METHODS: Adults who had PTNS from June 30, 2011, to October 8, 2015, were retrospectively reviewed for demographics, copay, travel distance, employment status, history, symptoms, and treatments used before, during, and after PTNS. Pearson chi-square test, Fisher exact test, Wilcoxon rank and paired t test were performed.

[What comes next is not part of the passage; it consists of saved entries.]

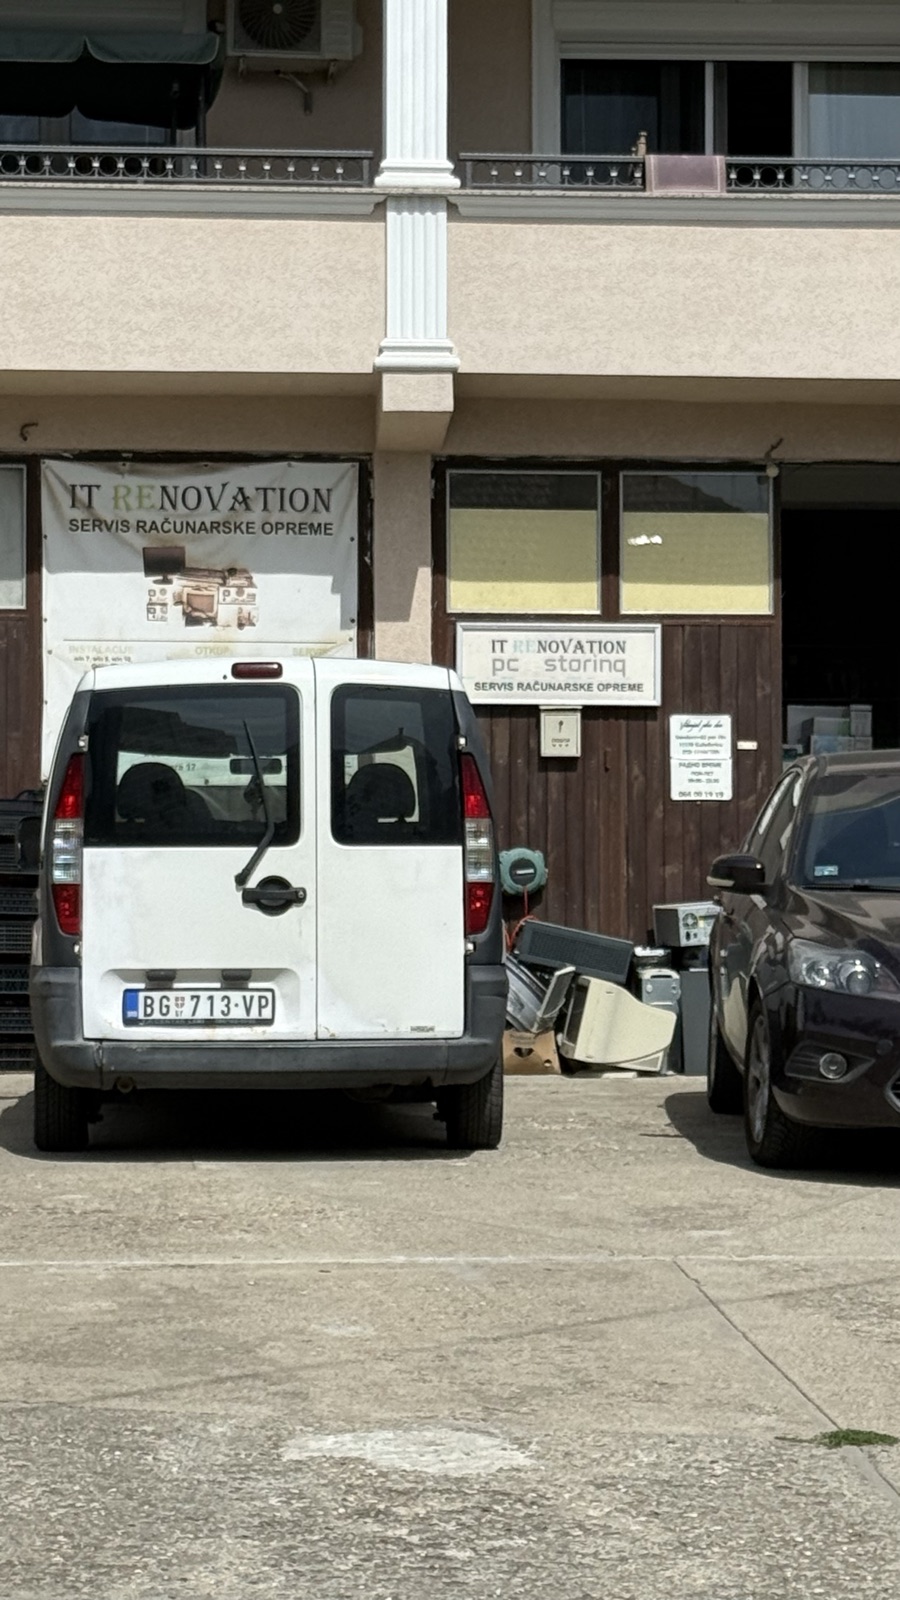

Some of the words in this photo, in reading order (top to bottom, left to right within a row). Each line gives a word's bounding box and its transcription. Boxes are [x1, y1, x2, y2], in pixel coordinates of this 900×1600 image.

[69, 484, 101, 509] IT
[113, 482, 332, 513] RENOVATION
[69, 519, 130, 533] SERVIS
[136, 518, 256, 535] RAČUNARSKE
[261, 522, 334, 536] OPREME
[491, 639, 508, 654] IT
[513, 638, 627, 655] RENOVATION
[492, 657, 519, 676] pc
[474, 682, 514, 693] SERVIS
[517, 680, 594, 693] RAČUNARSKE
[597, 682, 645, 693] OPREME
[143, 995, 171, 1017] BG
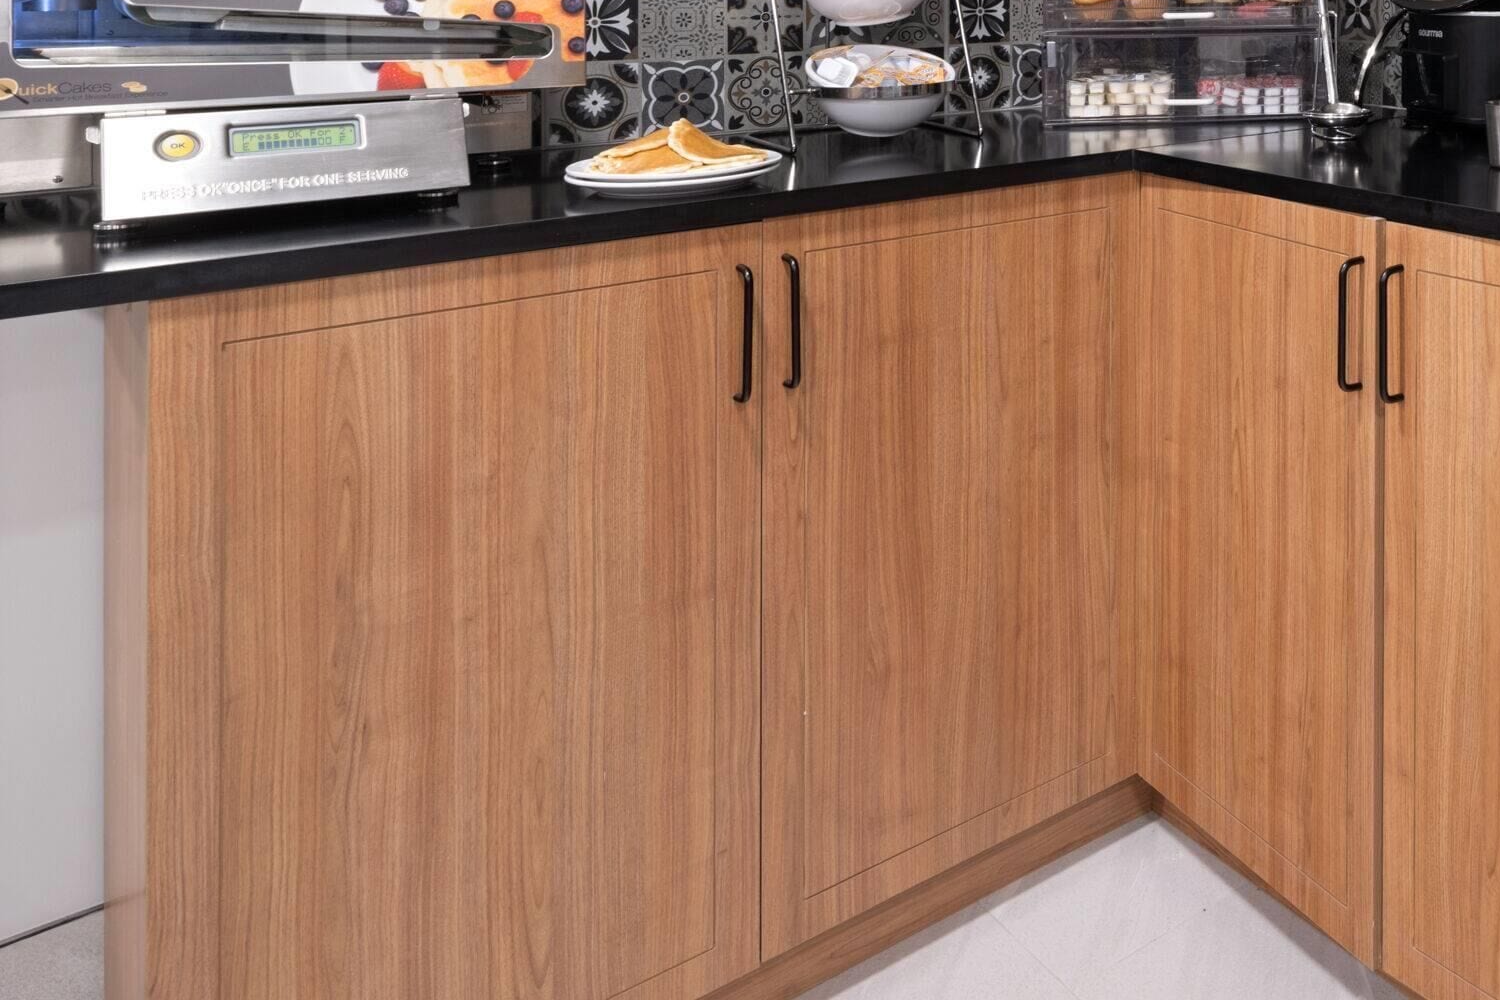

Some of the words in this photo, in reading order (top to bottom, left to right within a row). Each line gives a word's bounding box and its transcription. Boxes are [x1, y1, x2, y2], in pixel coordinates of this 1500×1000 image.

[242, 133, 280, 142] Press
[288, 130, 303, 139] OK
[310, 129, 332, 137] For
[141, 186, 197, 200] PRESS
[279, 175, 311, 190] FOR
[312, 172, 345, 187] ONE
[347, 167, 409, 183] SERVING
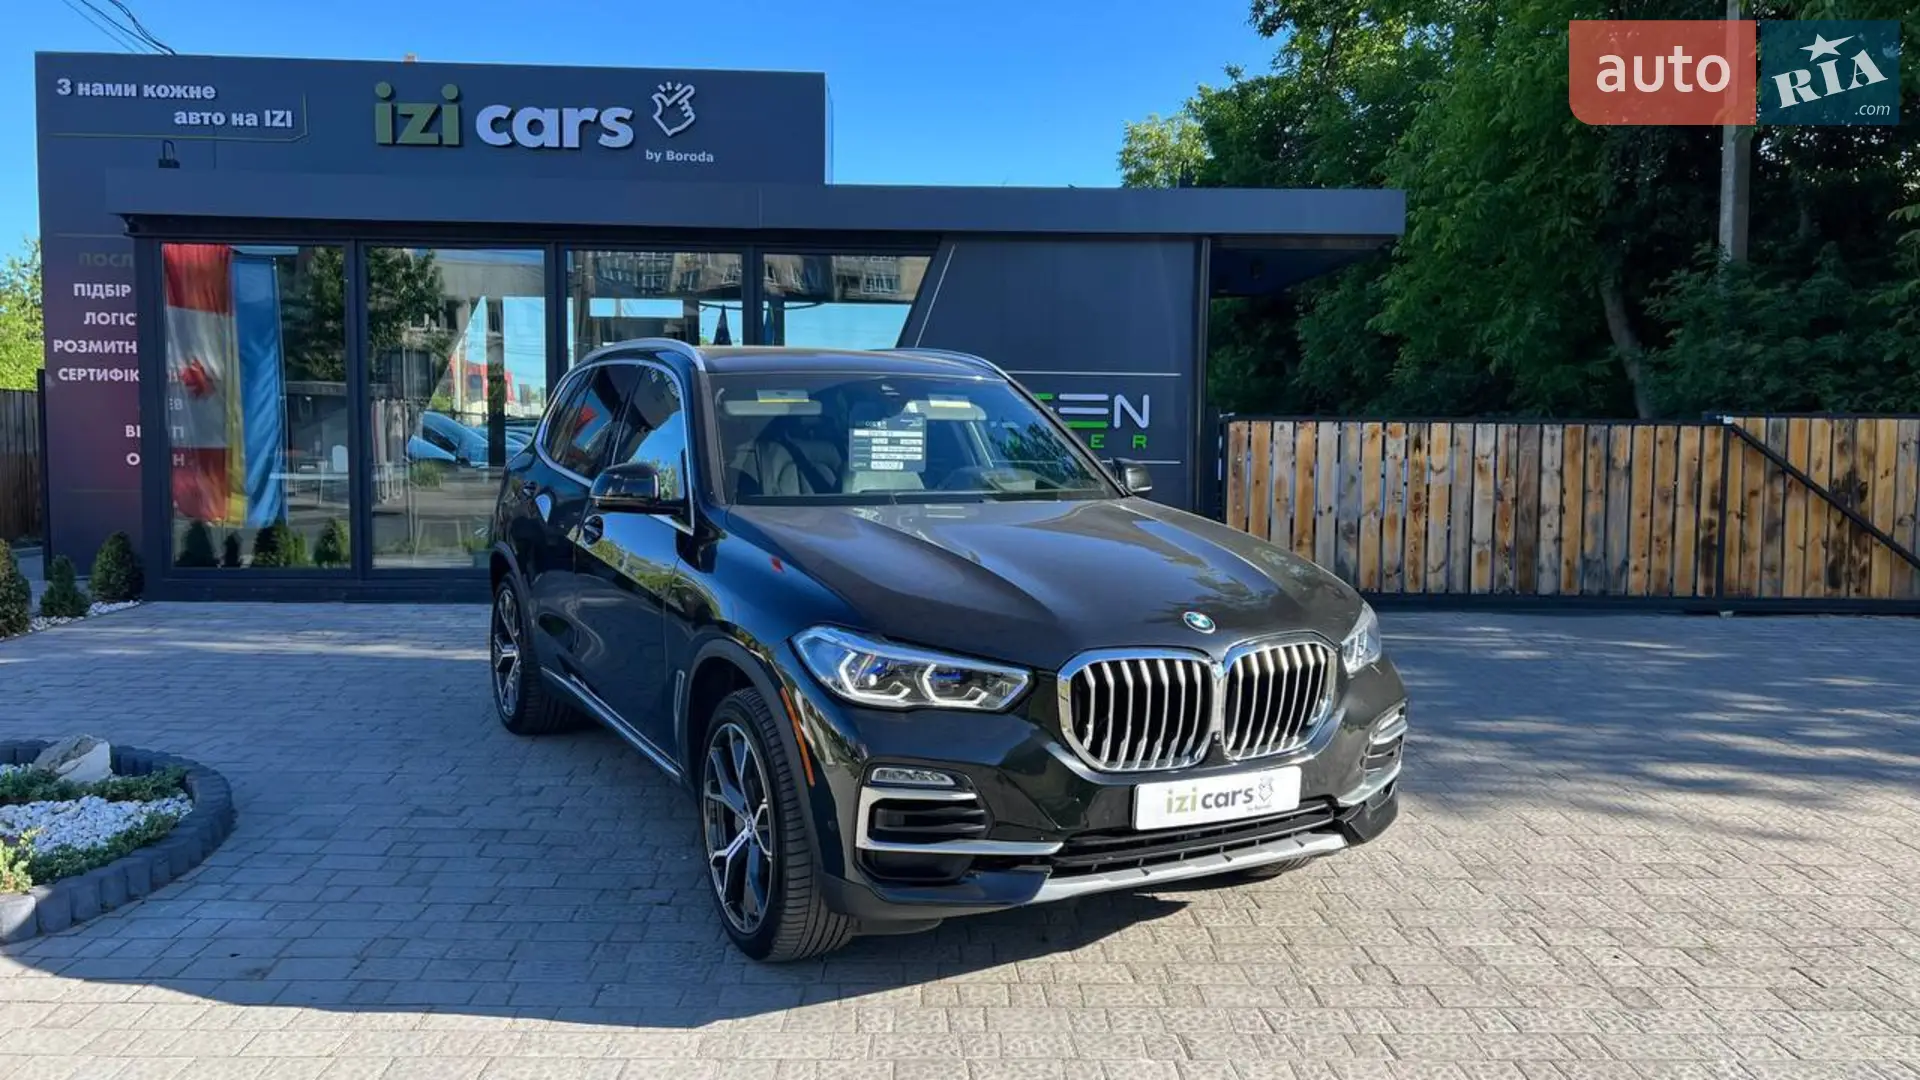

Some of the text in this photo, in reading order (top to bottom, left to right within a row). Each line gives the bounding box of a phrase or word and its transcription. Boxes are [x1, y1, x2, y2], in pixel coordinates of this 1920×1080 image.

RESULTS: Of 113 patients (mean age 75 ± 12 years), most were women (65.5%), married (78.1%), and retired or unemployed (80.2%). The median distance to the clinic was 8.1 mi, and the median copay was $0. The most common indication for PTNS was nocturia (92.9%) followed by OAB with urgency urinary incontinence (75.2%) and urinary urgency and/or frequency (24.8%). Prior treatments included anticholinergics (75.2%), mirabegron (36.6%), behavioral modification (29.2%), pelvic floor physical therapy (18.6%), and others (19.5%). Patients completed a mean of 10.5 ± 3 of 12 planned weekly PTNS treatments. Of 105 patients, 40 (38.1%) used concomitant treatments (most commonly anticholinergics). Of 87 patients, 62 (71.3%) had decreased symptoms at 6 weeks, and of 85 patients, 60 (70.6%) had decreased symptoms at 12 weeks. The majority (82; 75.6%) completed all 12 weekly treatments and 45 (54.9%) completed 3 (median) monthly maintenance treatments. The most common reason for noncompliance was lack of efficacy. Visit copay, employment status, and distance to the clinic were not associated with failure to complete weekly treatments or progression to monthly maintenance.

CONCLUSION: Although most patients' symptoms decreased after weekly PTNS, nonadherence to maintenance and lack of efficacy may limit long-term feasibility. Copay and distance traveled were not associated with noncompliance.